Prompt:
Make an exact copy of the records below, leaving every image out.

Material provided:
■ ■ ■ ■ ■ ■ ■
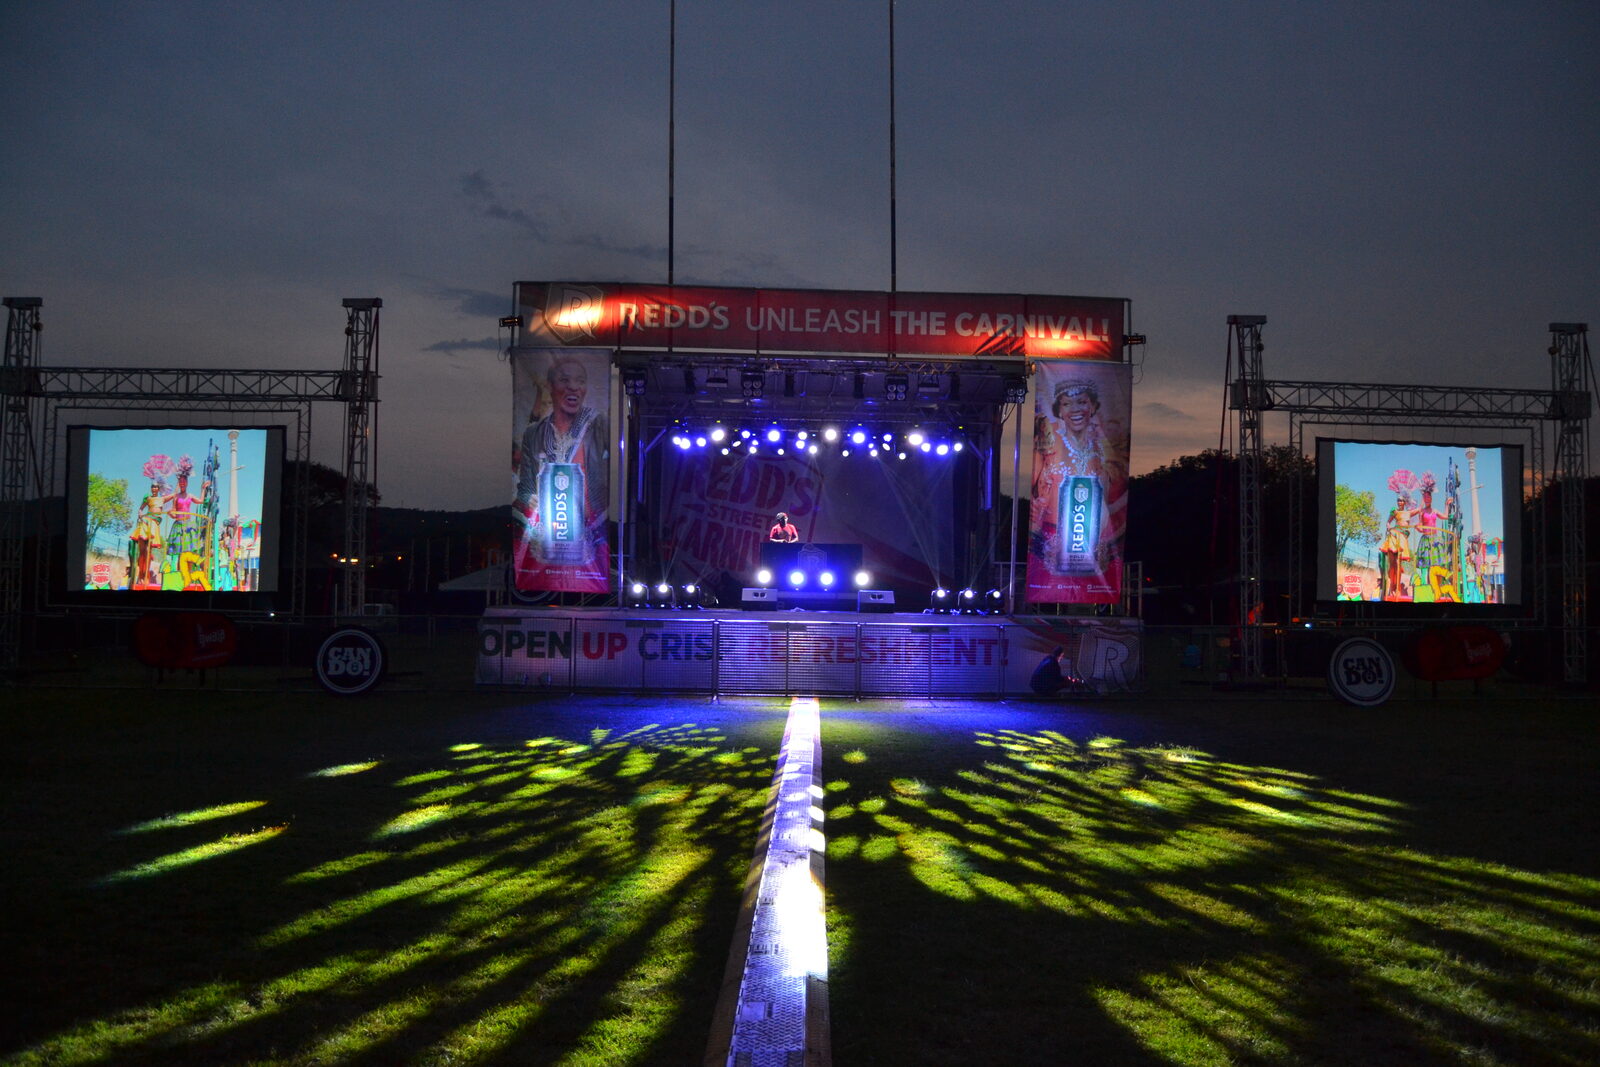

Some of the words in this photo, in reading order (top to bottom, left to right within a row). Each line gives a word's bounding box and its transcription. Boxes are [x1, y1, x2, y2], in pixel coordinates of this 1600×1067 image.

[618, 301, 730, 331] REDD'S
[745, 306, 881, 335] UNLEASH
[890, 311, 946, 336] THE
[954, 311, 1110, 343] CARNIVAL!
[679, 453, 814, 516] REDD'S
[553, 492, 568, 540] REDD'S
[1071, 504, 1087, 552] REDD'S
[327, 647, 372, 662] CAN
[481, 628, 572, 659] OPEN
[582, 631, 628, 660] UP
[747, 635, 1009, 665] REFRESHMENT!
[1343, 656, 1381, 671] CAN
[327, 660, 371, 676] DO!
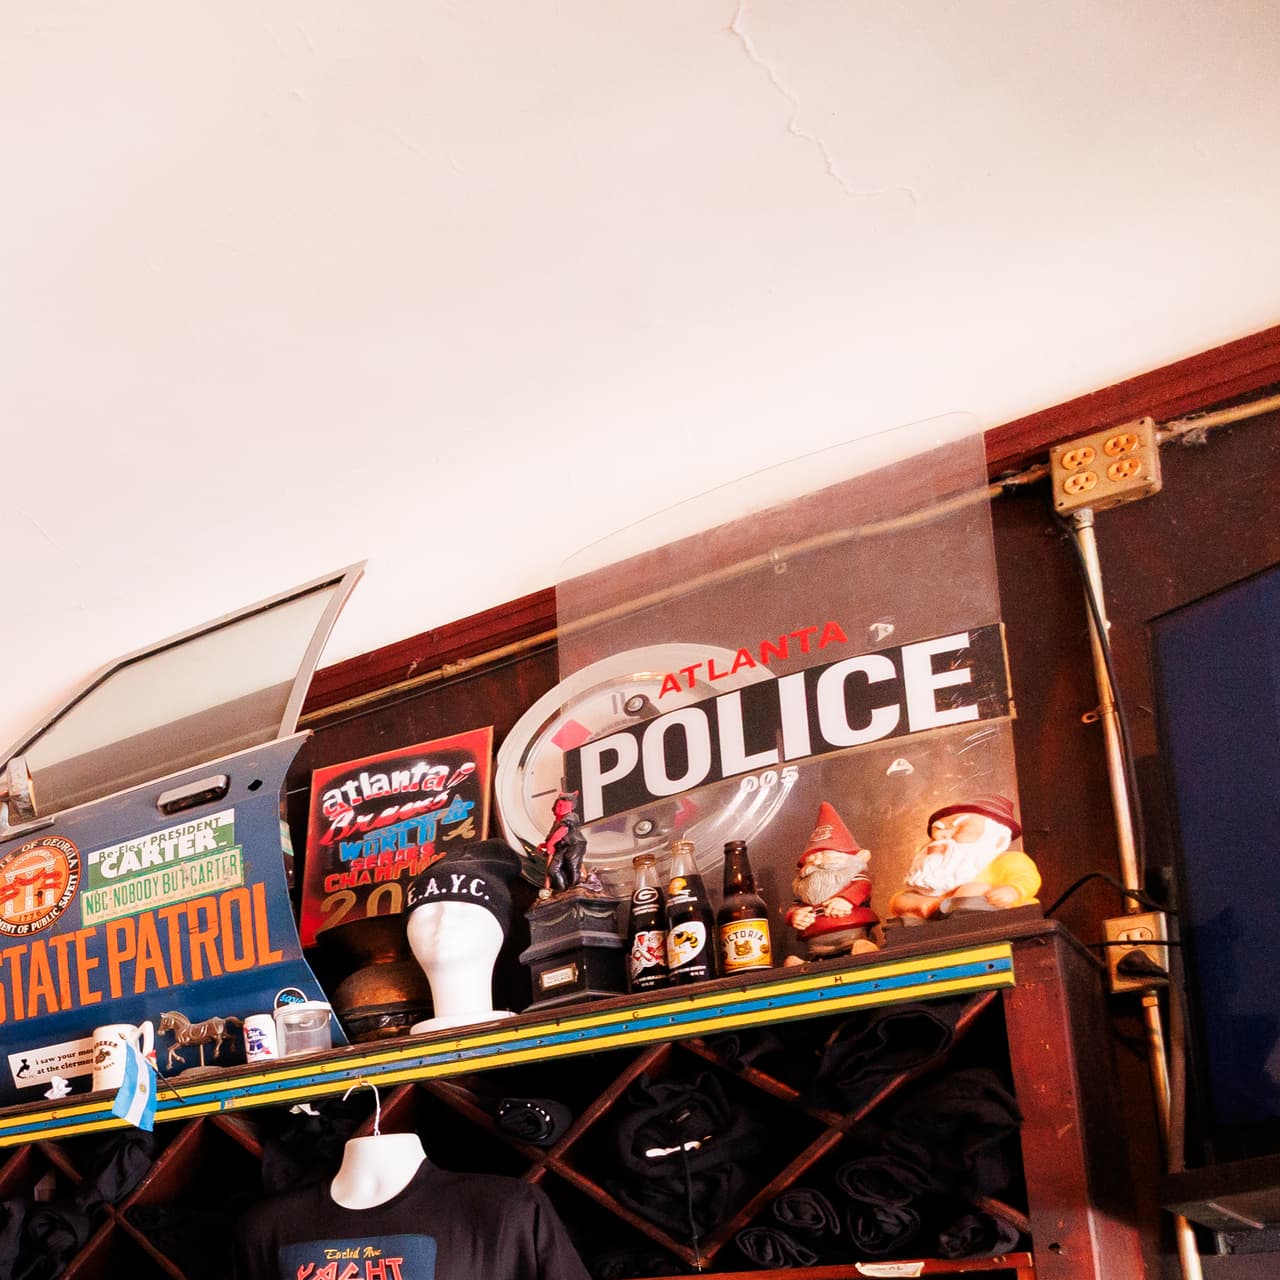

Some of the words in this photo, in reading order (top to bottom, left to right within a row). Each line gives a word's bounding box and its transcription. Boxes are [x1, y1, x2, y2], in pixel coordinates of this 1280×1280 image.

[658, 622, 849, 698] ATLANTA
[580, 632, 980, 823] POLICE
[322, 762, 449, 819] atlanta
[740, 766, 799, 793] 005
[151, 817, 220, 846] PRESIDENT
[340, 822, 437, 861] WORLD
[21, 841, 38, 852] OF
[42, 838, 79, 869] GEORGIA
[100, 829, 217, 879] CARTER
[351, 843, 435, 871] SERIES
[17, 925, 30, 934] OF
[31, 907, 61, 932] PUBLIC
[58, 874, 78, 909] SAFETY
[407, 874, 490, 907] E.A.Y.C.
[105, 883, 284, 998] PATROL
[47, 1065, 60, 1073] the
[57, 1052, 76, 1062] your
[324, 1247, 359, 1260] Euclid
■ ■ ■ ■ ■ ■ ■
Exercise response:
Some of the words in this photo, in reading order (top to bottom, left to right within a row). Each line gives a word's bounding box and its transcription. Boxes are [x1, y1, x2, y2], in pixel coordinates of this 1600×1067 image.

[618, 301, 730, 331] REDD'S
[745, 306, 881, 335] UNLEASH
[890, 311, 946, 336] THE
[954, 311, 1110, 343] CARNIVAL!
[679, 453, 814, 516] REDD'S
[553, 492, 568, 540] REDD'S
[1071, 504, 1087, 552] REDD'S
[327, 647, 372, 662] CAN
[481, 628, 572, 659] OPEN
[582, 631, 628, 660] UP
[747, 635, 1009, 665] REFRESHMENT!
[1343, 656, 1381, 671] CAN
[327, 660, 371, 676] DO!

Some of the words in this photo, in reading order (top to bottom, left to right within a row). Each line gives a word's bounding box and its transcription. Boxes are [x1, y1, x2, y2], in pixel coordinates of this 1280×1280 image.

[658, 622, 849, 698] ATLANTA
[580, 632, 980, 823] POLICE
[322, 762, 449, 819] atlanta
[740, 766, 799, 793] 005
[151, 817, 220, 846] PRESIDENT
[340, 822, 437, 861] WORLD
[21, 841, 38, 852] OF
[42, 838, 79, 869] GEORGIA
[100, 829, 217, 879] CARTER
[351, 843, 435, 871] SERIES
[17, 925, 30, 934] OF
[31, 907, 61, 932] PUBLIC
[58, 874, 78, 909] SAFETY
[407, 874, 490, 907] E.A.Y.C.
[105, 883, 284, 998] PATROL
[47, 1065, 60, 1073] the
[57, 1052, 76, 1062] your
[324, 1247, 359, 1260] Euclid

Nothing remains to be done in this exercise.